Das „N“ im November steht für „Shopping-MarathoN“, ist doch klar!
Krasse Preisnachlässe, vielversprechende Deals und Prozente wo man nur hinschaut. Der November könnte sich wohl den Titel des „billigsten Monats“ im Jahr unter den Nagel reißen. Mit scheinbar unschlagbaren Angeboten in Sachen Dienstleistung und Warenangebot lockt er sowohl im Internet als auch in der echten Welt viele Kund:innen an. Ob Rabattaktionen wie die Single Days aus China, die Prime Days von Amazon oder der Black Friday und Cybermonday aus den USA; der Terminkalender ist voll. Mittlerweile werden aus einzelnen Tagen, an denen ein großer Sale stattfindet, sogar eine ganze Woche. Aus dem Black Friday wird dann die Black Week. Wir können kaum zu einer anderen Zeit so viel beim Einkauf sparen, wie jetzt gerade – das ist zumindest die Vorstellung. Aber wie sieht es in der Praxis aus?
Für die Händler sind solche Aktionstage vor allem eine clevere Marketingstrategie, um hohe Umsätze zu erzielen und ihre vollen Lager zu leeren, um so Lagerkosten zu sparen. Meist werden dabei auch die Ladenhüter angeboten. Lange Schlangen, höhere Umsätze und überfüllte Umkleidekabinen – die Leute kaufen wie verrückt. Da kann ich auch aus meiner eigenen Erfahrung im Einzelhandel sprechen.
Mich wundert es nicht, wenn Anja Wunsch vom Team Lead Key Account Management von der Global Savings Group den November als „umsatzstärkste“ Zeit des Jahres bezeichnet. Das war allerdings nicht immer so.
Der Black Friday zum Beispiel, welcher an dem Freitag nach Thanksgiving stattfindet, war zunächst nur in den Vereinigten Staaten bekannt. Mit den Jahren gewann er schließlich stetig an Bekanntheit und Beliebtheit, die auch über die Landesgrenzen hinauswuchs. In den 2010ern erreichte der Trend dann ebenfalls deutschen Boden und ist seitdem fester Bestandteil der Shopping-Welt. „Der Black Friday hat sich in den vergangenen Jahren als attraktiver Shopping-Anlass etabliert, der aus der deutschen Konsumlandschaft nicht mehr wegzudenken ist,“ sagt Dr. Christian Wulff, Leiter von Consumer Markets bei PwC Deutschland und EMEA. Das Konsumverhalten hätte sich jedoch über die Jahre verändert und würde derzeit zum bewussten Konsum mit Blick auf Nachhaltigkeit tendieren.
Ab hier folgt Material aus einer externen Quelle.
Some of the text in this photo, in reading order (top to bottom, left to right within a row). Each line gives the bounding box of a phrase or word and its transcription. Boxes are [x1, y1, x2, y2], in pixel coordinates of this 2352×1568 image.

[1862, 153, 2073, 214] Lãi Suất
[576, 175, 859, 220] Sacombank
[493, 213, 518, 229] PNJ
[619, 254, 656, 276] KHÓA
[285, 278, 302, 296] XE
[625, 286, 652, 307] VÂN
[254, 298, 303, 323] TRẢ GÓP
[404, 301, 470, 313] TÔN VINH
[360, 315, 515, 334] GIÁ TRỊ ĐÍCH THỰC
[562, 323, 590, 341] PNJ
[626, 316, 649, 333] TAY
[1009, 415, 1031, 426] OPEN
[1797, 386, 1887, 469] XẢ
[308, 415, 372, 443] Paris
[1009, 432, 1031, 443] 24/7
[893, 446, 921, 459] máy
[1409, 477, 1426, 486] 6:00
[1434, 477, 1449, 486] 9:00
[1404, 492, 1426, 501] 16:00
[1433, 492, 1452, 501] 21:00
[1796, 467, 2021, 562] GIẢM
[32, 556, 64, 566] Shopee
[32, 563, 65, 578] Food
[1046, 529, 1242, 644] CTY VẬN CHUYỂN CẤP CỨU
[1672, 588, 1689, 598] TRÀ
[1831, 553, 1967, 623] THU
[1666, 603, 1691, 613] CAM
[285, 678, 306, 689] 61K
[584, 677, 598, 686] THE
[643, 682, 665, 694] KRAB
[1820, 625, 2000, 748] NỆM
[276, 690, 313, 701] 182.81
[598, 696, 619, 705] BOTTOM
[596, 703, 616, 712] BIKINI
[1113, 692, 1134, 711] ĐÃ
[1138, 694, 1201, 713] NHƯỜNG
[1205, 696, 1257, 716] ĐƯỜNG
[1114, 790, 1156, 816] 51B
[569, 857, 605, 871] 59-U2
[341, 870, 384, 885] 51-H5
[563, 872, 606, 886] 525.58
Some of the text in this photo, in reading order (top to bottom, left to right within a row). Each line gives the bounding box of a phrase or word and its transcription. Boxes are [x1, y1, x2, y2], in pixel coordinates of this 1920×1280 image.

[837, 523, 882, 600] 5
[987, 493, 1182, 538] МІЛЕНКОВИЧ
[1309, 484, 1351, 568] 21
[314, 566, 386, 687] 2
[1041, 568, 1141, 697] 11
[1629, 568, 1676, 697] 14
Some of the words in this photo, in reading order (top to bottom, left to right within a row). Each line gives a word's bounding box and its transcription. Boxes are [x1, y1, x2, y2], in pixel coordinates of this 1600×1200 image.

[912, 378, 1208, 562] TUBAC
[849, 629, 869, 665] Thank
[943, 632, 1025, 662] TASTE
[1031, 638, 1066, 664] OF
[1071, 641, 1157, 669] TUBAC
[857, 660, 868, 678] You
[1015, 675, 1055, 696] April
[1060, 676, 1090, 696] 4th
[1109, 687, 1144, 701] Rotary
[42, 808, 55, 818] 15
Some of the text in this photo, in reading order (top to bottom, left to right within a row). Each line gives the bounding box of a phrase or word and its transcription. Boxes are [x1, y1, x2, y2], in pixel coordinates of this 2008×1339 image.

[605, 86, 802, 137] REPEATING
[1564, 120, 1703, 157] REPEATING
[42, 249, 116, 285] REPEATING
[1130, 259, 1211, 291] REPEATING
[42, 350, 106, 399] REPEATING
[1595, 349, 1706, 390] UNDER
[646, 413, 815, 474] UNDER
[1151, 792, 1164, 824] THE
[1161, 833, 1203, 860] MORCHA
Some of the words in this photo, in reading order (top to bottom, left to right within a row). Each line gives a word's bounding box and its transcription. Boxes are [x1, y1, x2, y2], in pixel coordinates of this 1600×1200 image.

Und das ist auch gut so. Denn vor allem online wird man praktisch in einen Bann gezogen. Mit steigenden Prozenten, je näher man an die „Days“ kommt, wird versucht eine Kundenbindung herzustellen. Künstliche Verknappung und Countdowns setzen die Kund:innen unter Druck, die limitierten Deals verleiten schnell dazu, mehr zu bestellen, weil man es ja zurückschicken könnte – die Ethik hinter solchen Mitteln ist ziemlich fragwürdig. Das führt gerade in Branchen wie dem Einzelhandel oder der Logistik oft zu extremen Arbeitsbelastungen, die ihrerseits schlechte Arbeitsbedingungen zur Folge haben. Man kommt mit der Arbeit nicht hinterher, muss Überstunden machen und steht permanent unter Stress, weil man sich an Fristen halten muss. Es ist ja nicht so, dass die Belastung in dieser Zeit des Jahres sowieso schon wegen Weihnachten stark erhöht ist. Quatsch. Auch die Umwelt wird auf diese Weise belastet.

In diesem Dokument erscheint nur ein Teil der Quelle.